*Work instruction*:
Please transcribe the listing that follows exactly; images are to be excluded.

*Input*:

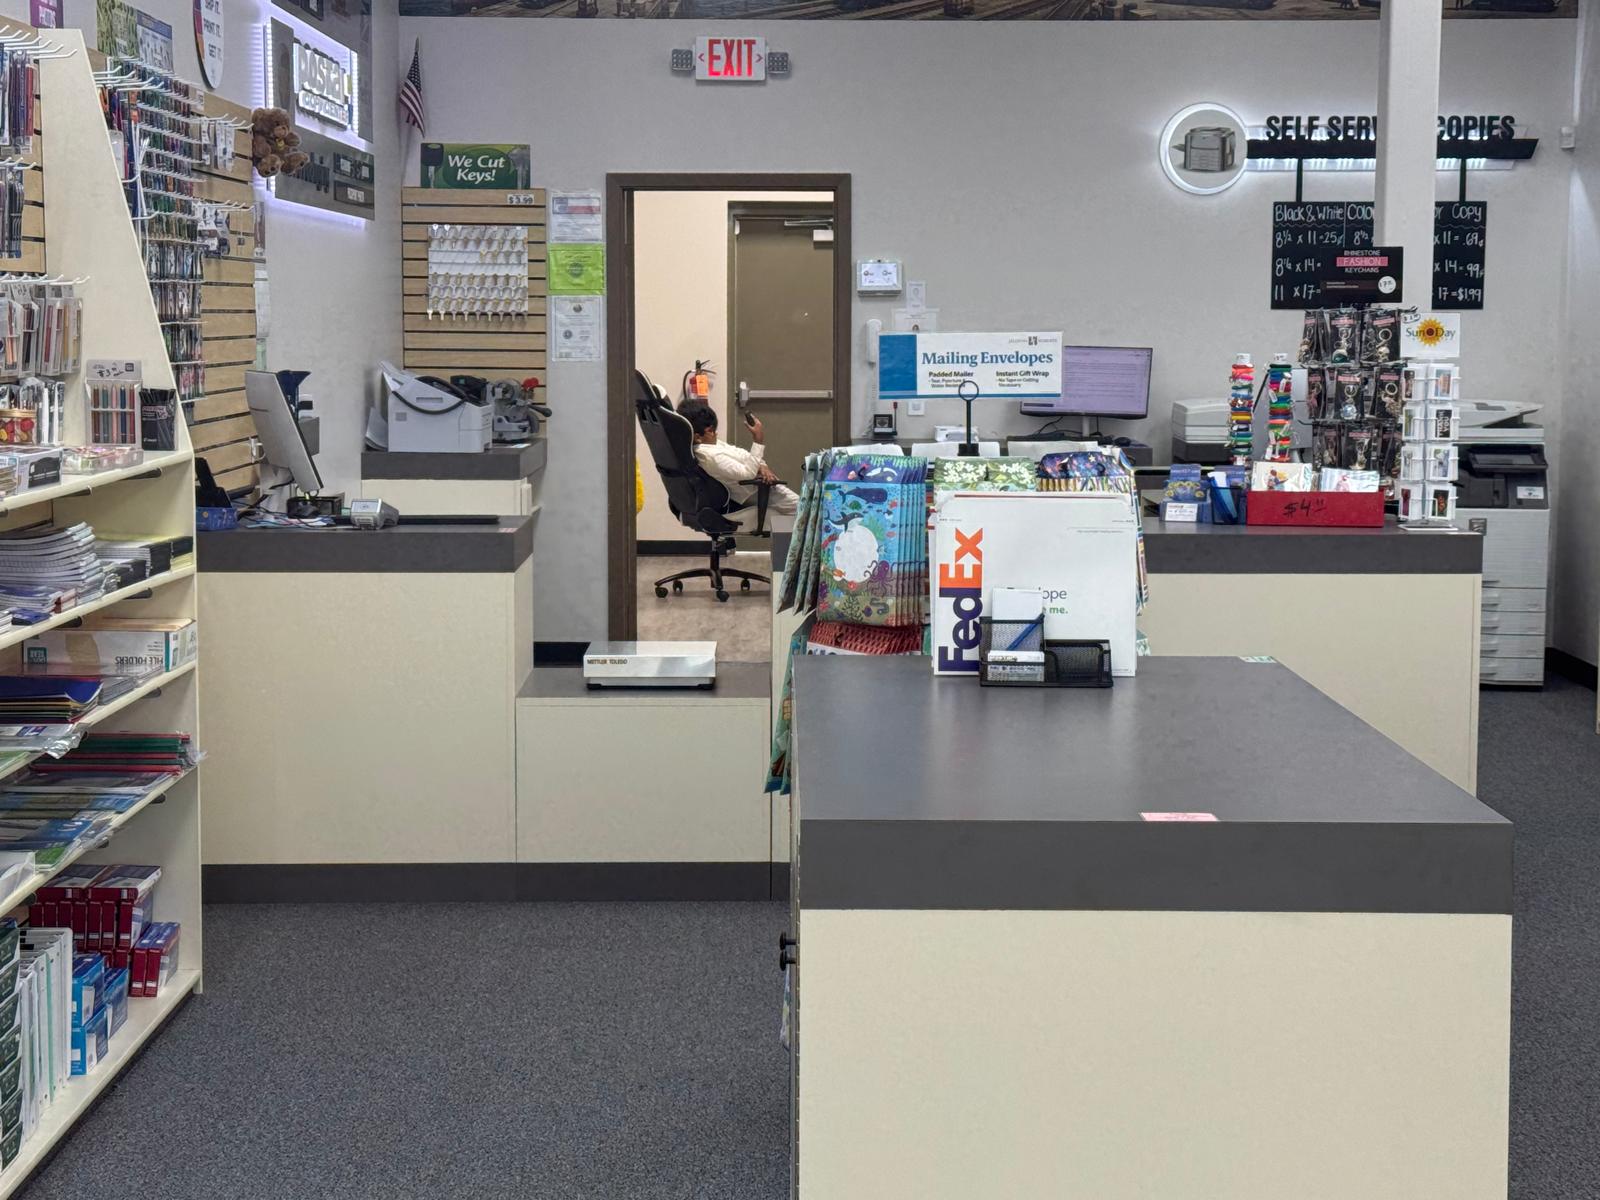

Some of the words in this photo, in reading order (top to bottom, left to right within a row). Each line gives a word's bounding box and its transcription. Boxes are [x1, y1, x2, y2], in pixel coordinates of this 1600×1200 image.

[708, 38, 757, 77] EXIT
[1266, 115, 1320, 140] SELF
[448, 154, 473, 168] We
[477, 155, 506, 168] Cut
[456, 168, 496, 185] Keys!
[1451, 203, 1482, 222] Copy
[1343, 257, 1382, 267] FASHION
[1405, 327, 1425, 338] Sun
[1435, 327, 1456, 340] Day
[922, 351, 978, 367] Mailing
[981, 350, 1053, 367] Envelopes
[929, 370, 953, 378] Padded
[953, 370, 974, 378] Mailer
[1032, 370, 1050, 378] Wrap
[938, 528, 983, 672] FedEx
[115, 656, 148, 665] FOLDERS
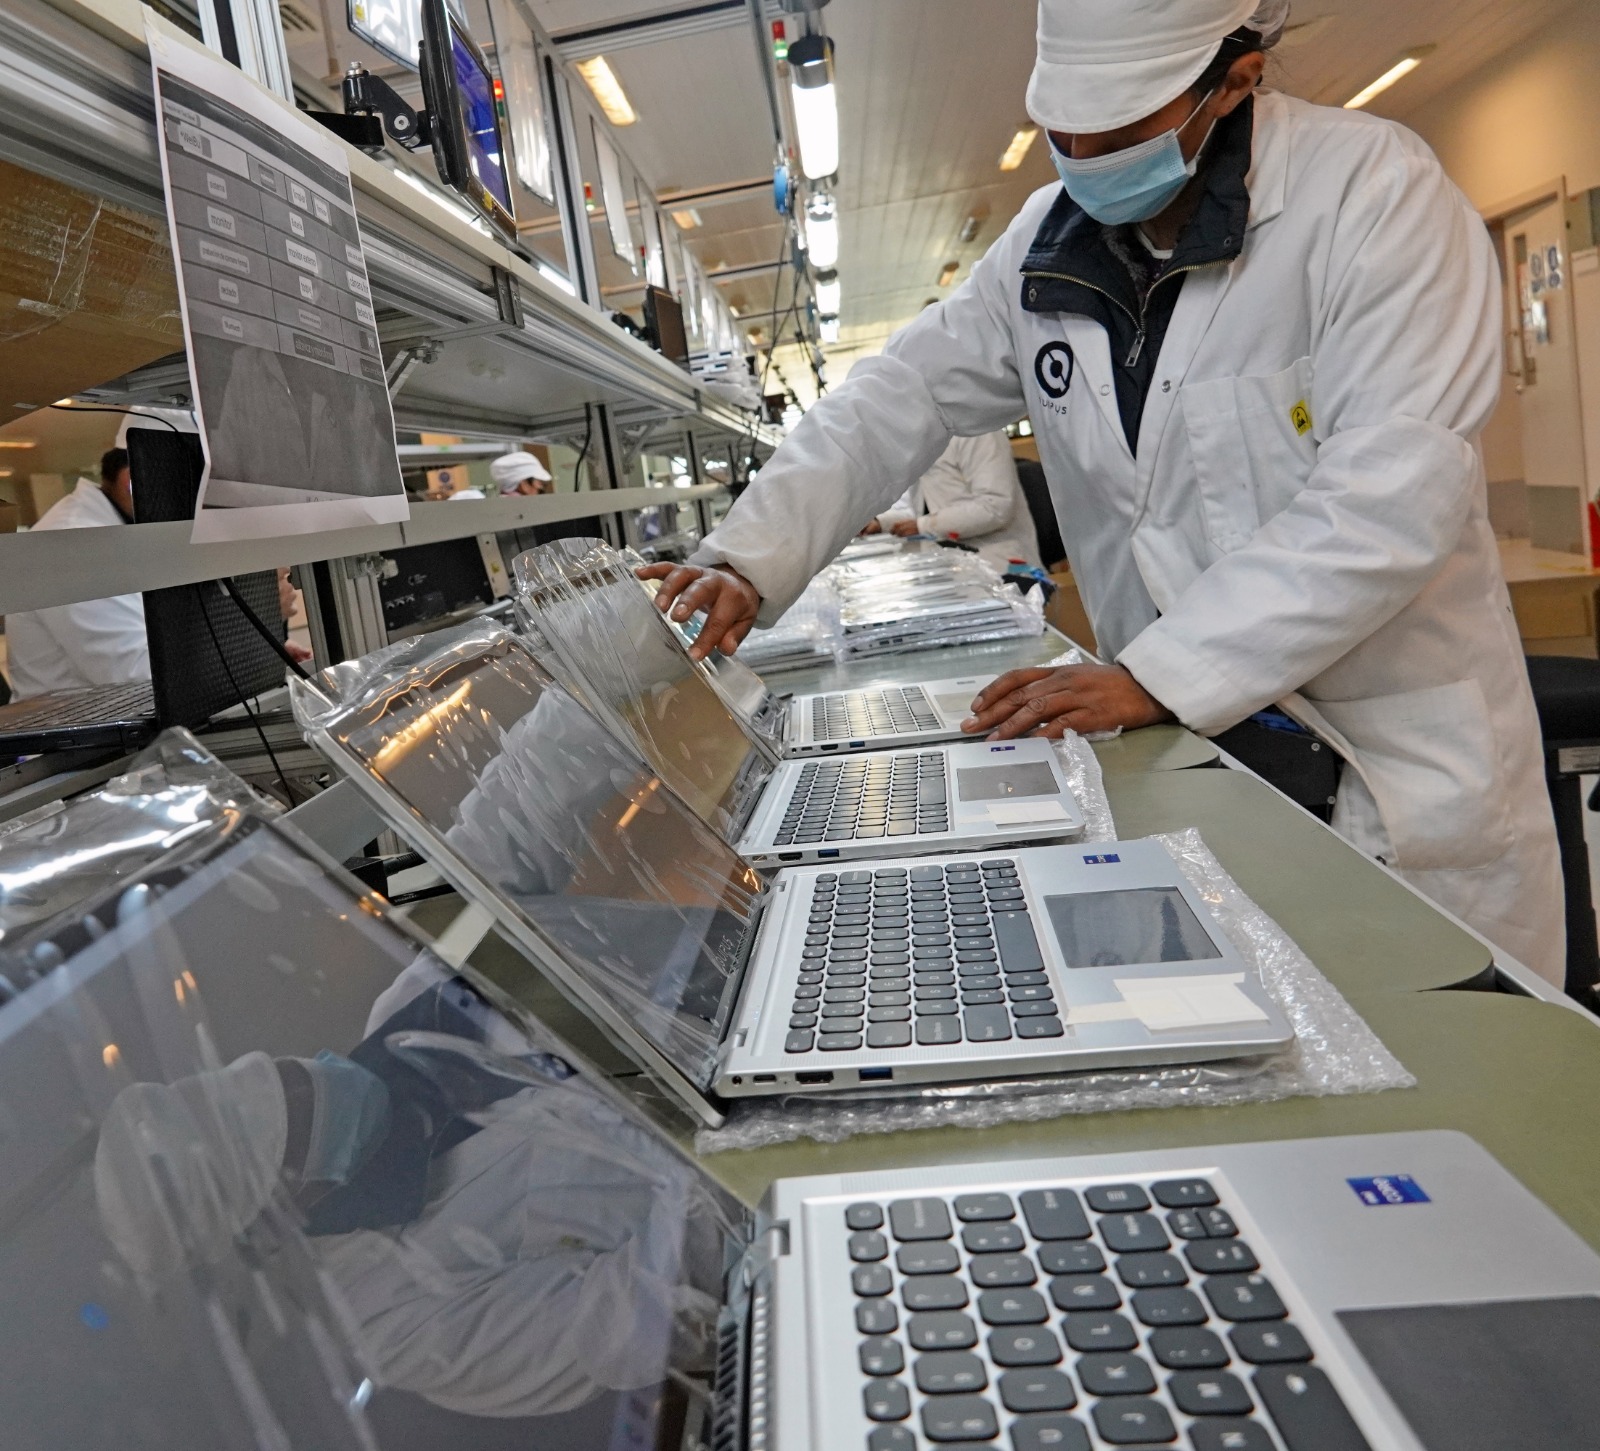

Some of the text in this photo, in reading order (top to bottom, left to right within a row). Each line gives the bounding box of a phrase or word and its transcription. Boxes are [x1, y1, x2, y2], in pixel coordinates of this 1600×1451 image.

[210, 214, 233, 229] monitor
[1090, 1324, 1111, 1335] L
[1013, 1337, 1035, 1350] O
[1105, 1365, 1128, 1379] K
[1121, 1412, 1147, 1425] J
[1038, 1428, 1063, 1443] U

*Answer box*:
Some of the words in this photo, in reading order (top to bottom, left to right within a row). Each line gives a word's bounding box and its transcription. Boxes are [x1, y1, x2, y2], in pixel coordinates of this 1600×1200 image.

[708, 38, 757, 77] EXIT
[1266, 115, 1320, 140] SELF
[448, 154, 473, 168] We
[477, 155, 506, 168] Cut
[456, 168, 496, 185] Keys!
[1451, 203, 1482, 222] Copy
[1343, 257, 1382, 267] FASHION
[1405, 327, 1425, 338] Sun
[1435, 327, 1456, 340] Day
[922, 351, 978, 367] Mailing
[981, 350, 1053, 367] Envelopes
[929, 370, 953, 378] Padded
[953, 370, 974, 378] Mailer
[1032, 370, 1050, 378] Wrap
[938, 528, 983, 672] FedEx
[115, 656, 148, 665] FOLDERS

Some of the text in this photo, in reading order (top to bottom, left to right within a row). Each line gives the bounding box of a phrase or word and its transcription. Boxes are [x1, y1, x2, y2], in pixel coordinates of this 1600×1451 image.

[210, 214, 233, 229] monitor
[1090, 1324, 1111, 1335] L
[1013, 1337, 1035, 1350] O
[1105, 1365, 1128, 1379] K
[1121, 1412, 1147, 1425] J
[1038, 1428, 1063, 1443] U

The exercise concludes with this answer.